There being an absence of facts to show malicious or intentional injury to appellant's reputation, we conclude summary judgment was properly granted.

Affirmed.

NOTES

[1] The two proceedings have been consolidated on appeal.

[2] Appellants also assert procedural irregularities which, they allege, occurred at the pretrial stages and require reversal of the summary judgments. We find their claims of error without merit.

[3] McKenna's complaint alleges he is entitled to salary for the remaining 10 months and 3 weeks of his contract (April 20, 1976 through March 15, 1977). Sullivan seeks $27,000 in remaining salary. At a $36,000 annual salary, however, this means Sullivan claims only 9 months' salary due (April 3, 1976 to January 3, 1977), suggesting that the contract he relies on extended through the end of 1976.

[4] Paragraphs 12 and 13 of the Heritage By-Laws, relied upon by appellants, provide:

12. The Board of Trustees shall choose a Chairman, a President, a Secretary, and a Treasurer, and it may choose such other officers as the by-laws shall from time to time provide or the activities of the corporation may require ....

13. The Board of Trustees may appoint such other officers as may be deemed necessary, such officers to be appointed either temporarily for a stated time or for the ensuing year and until the next annual meeting of the Board of Trustees ....

Appellants also rely on D.C.Code 1973, § 29-1025, which states:

Any officer or agent elected or appointed may be removed by the persons authorized to elect or appoint such officer or agent whenever in their judgment the best interests of the corporation will be served thereby, but such removal shall be without prejudice to the contract rights, if any, of the person so removed. Election or appointment of an officer or agent shall not itself create contract rights.

[5] A dispute exists as to whether appellants were officers of Heritage. However, status as an officer does not bear on contract right to employment, which must still be established, since election or appointment for a term does not alone support an action for damages.
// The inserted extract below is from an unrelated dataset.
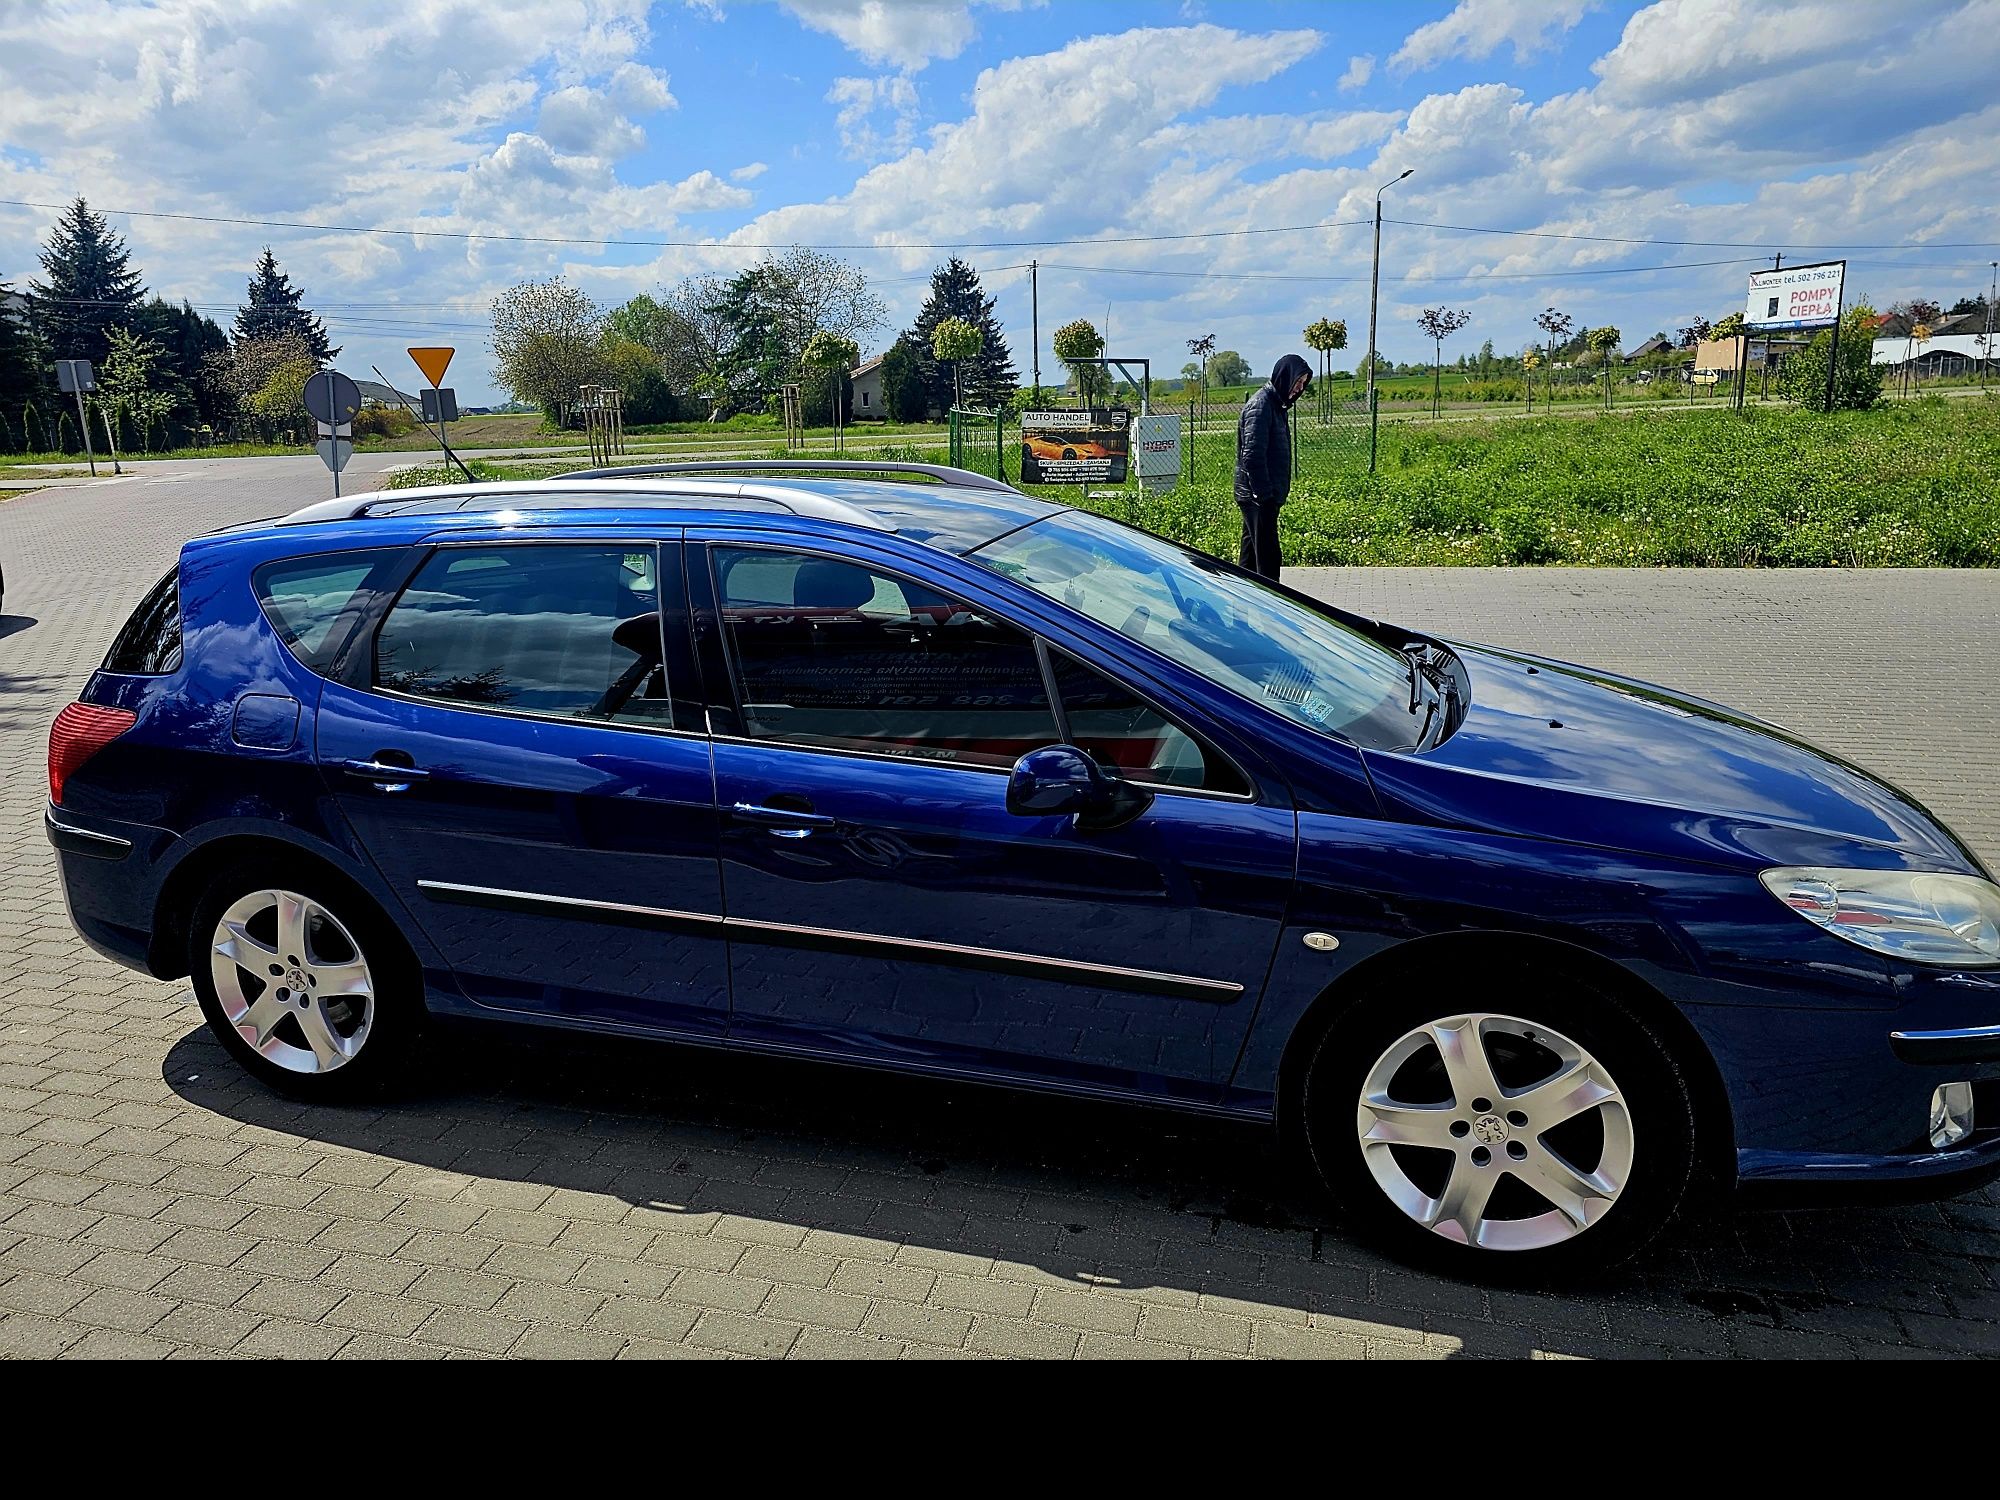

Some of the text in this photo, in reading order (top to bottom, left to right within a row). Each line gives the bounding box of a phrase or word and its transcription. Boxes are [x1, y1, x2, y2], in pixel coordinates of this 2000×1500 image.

See D.C.Code 1973, § 29-1025.

[6] When asked whether in March 1976 he anticipated being with Heritage in July 1976, McKenna answered no, he anticipated having a public interest law firm. (McKenna Dep.Tr.54; R. 96.) For Sullivan, permanent employment meant forever or "until such time as [he] .. for whatever reason, left." (Sullivan Dep. Tr.91; R. 519.)

[7] The fact of the matter is that appellants' employment with Heritage lasted for more than one year.

[8] In Horizon Corporation, supra, the court held relocation expenses paid by the employer, coupled with a specified annual salary, did not show anything more than employment agreement of indefinite duration terminable at will.

[9] Even if appellants established an initial agreement to employ for a year, this would be of no benefit unless they could also establish renewal of the contract for another year.